Jim Levine, president of Regency Technologies, in the company’s Stow, Ohio, headquarters
Jim Levine, the co-founder and president of Regency Technologies, headquartered in Stow, Ohio, about 35 miles southeast of downtown Cleveland, says simplicity and a business model borrowed from the scrap processing sector are among the keys to the information technology (IT) asset conversion company’s success. Regency also embraces standardization across all seven of its locations—from Brooksville, Florida, in the Southeast to Olympia, Washington, in the Northwest—helping to ensure consistency of service for the company’s national clients.
Levine and a small group of others established the company in 1998. Regency initially was focused on the repair and resale of IT assets. However, as the company found itself having to recycle more of its incoming material, the opportunity arose to partner with a seasoned scrap processing company that was also a neighbor.
Expanding its capabilities
Levine says he became aware of how Regency’s business was shifting away from reuse toward recycling in the early 2000s. When Regency was first established, 90 percent of its incoming material was destined for resale. So little was going to scrap at that time that Levine says, “[We] weren’t even paying attention to it.”
He continues, “By 2003, 70 percent of our equipment was going to resale, and 30 percent of it was going into the scrap bins, and more people were leaving the [asset recovery] business.” Levine says he knew the ratios were heading for equilibrium and he had to do something differently. Shortly after having that revelation, he met Steve Joseph, the CEO of Reserve Management Group (RMG), a scrap processor with operations near Regency’s facility at the time.
Levine recalls that Joseph suggested doing a few transactions together to take advantage of their two companies’ relative strengths. They agreed the deals would be completely transparent so both sides could then make a data-based decision about whether to continue the relationship.

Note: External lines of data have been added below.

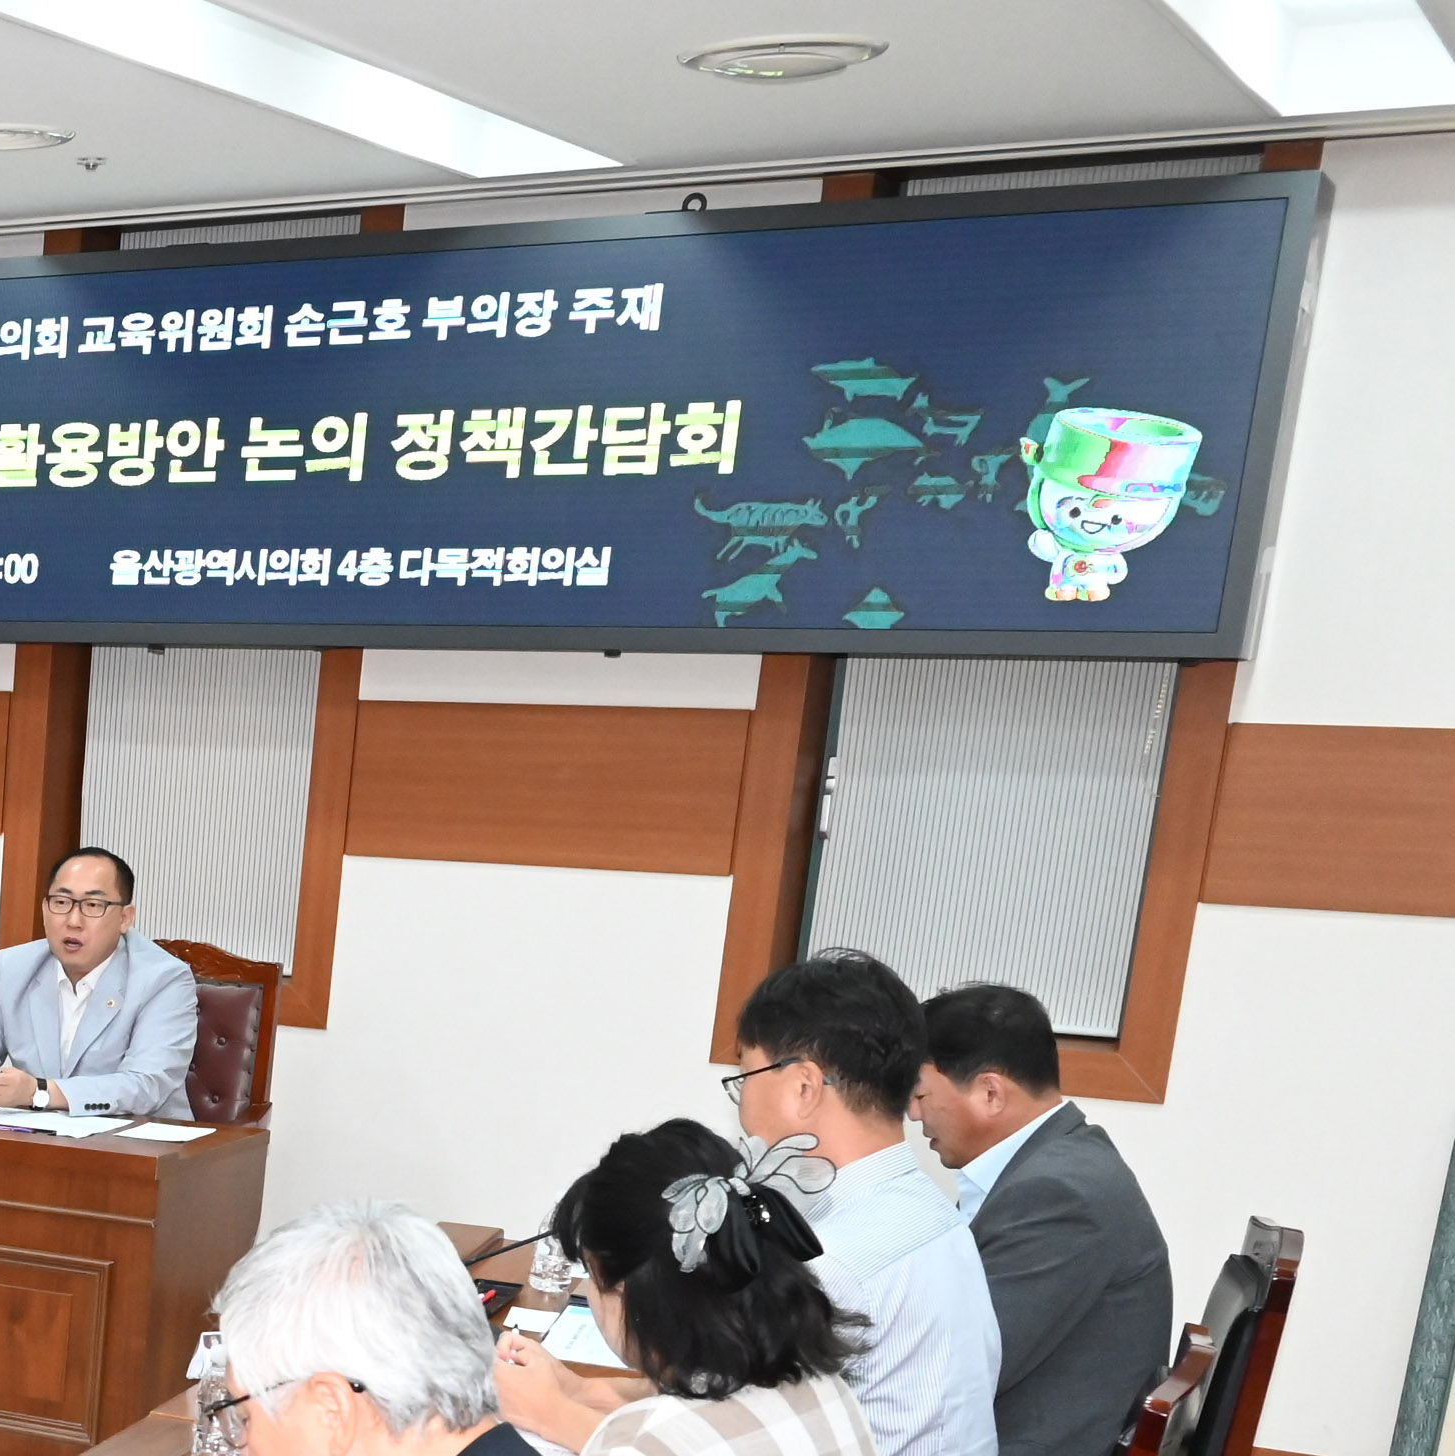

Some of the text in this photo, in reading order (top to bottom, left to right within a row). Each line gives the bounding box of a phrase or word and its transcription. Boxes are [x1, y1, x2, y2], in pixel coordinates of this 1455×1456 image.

[77, 304, 274, 355] 교육위원회
[283, 298, 412, 348] 손근호
[421, 288, 559, 341] 부의장
[568, 282, 665, 335] 주재
[240, 412, 369, 482] 논의
[390, 399, 742, 481] 정책간담회
[109, 546, 612, 587] 울산광역시의회 4층 다목적회의실

Those initial transactions proved successful, leading to a more formal partnership between Regency and RMG that began in 2005. The companies partnered for about a year, with RMG handling the scrap generated by Regency’s operations, Levine explains. They then formed a joint venture and, eventually, Regency officially became part of RMG, a family of distinct but related businesses involved in recycling, scrap metal processing, material handling, equipment sales and purchasing and property management. This move allowed Regency to benefit from synergies that existed among other RMG affiliates and from the institutional knowledge they had amassed in the areas of size reduction and materials recovery.
RMG and Regency recently moved to a new joint headquarters in Stow. That building includes more than 500,000 square feet of warehouse space occupied by Regency. RMG has a second headquarters at a complex in Chicago that also houses one of Regency’s seven locations.

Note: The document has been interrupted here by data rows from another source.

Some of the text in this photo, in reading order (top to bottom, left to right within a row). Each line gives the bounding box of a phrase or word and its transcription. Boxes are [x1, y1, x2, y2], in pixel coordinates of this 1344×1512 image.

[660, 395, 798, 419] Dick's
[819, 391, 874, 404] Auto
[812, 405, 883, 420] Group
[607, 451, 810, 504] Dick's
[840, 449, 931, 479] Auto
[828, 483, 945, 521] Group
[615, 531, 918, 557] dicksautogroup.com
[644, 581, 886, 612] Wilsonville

Six of Regency’s seven locations feature shredding systems with varying downstream recovery capabilities. The Stow facility, the company’s newest, was putting the final touches on its shredding plant in October, when Recycling Today visited with Levine and toured the operation.
Regency’s separation equipment allows for the recovery of a wide range of commodities that wind up moving to various customers around the world.

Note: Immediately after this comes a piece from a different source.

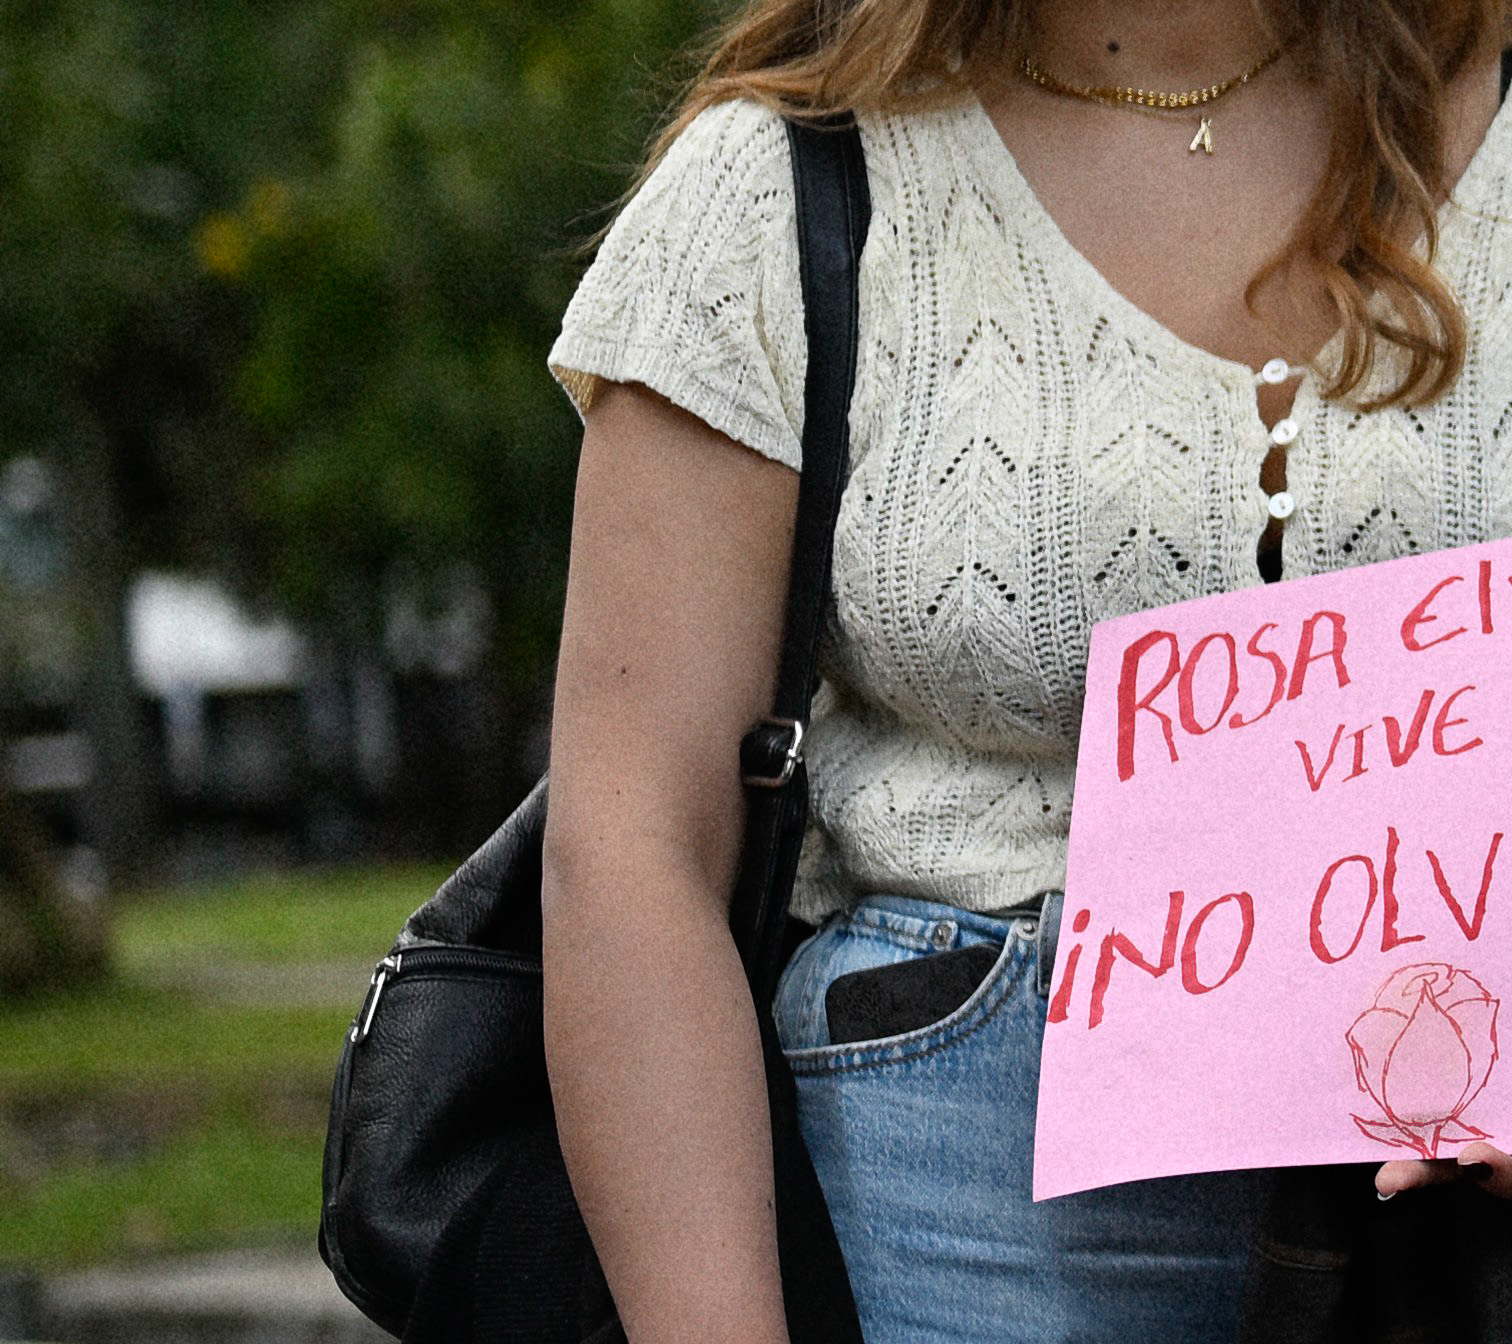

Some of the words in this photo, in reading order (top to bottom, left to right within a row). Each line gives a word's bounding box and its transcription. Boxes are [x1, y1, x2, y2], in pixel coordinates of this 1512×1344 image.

[1117, 611, 1350, 781] ROSA
[1294, 684, 1484, 792] VIVE
[1047, 891, 1255, 1029] ¡NO

“We go wherever the markets are,” he says, provided that the economics make sense and that consumers comply with the requirements set forth by The Sustainable Electronics Reuse & Recycling (R2) Standard.
He mentions that Regency, like many other end-of-life electronics processors, has been dealing with the global challenges of marketing many of the commodities it recovers. The company continually looks to improve and refine its processing capabilities to produce commodities that can find homes in today’s shifting marketplace. “What we continue to try to do is make what we hope are long-term sustainable investments in the business based on where we see the potential,” Levine says.
Regency’s inbound material streams continue to include large quantities of both resalable and recyclable equipment, he says. “It depends on the mix of suppliers and their requirements.”
Levine stresses that Regency’s growth and success stem largely from its ability to handle both types of material.
Focusing on service
Regency annually processes in excess of 100 million pounds of electronics across all its locations, Levine says, as well as more than 1 million unique assets.
The company serves clients in the financial, health care, government, education and retail sectors. “We are well-balanced between the financial, retail, government and health care sectors,” Levine says.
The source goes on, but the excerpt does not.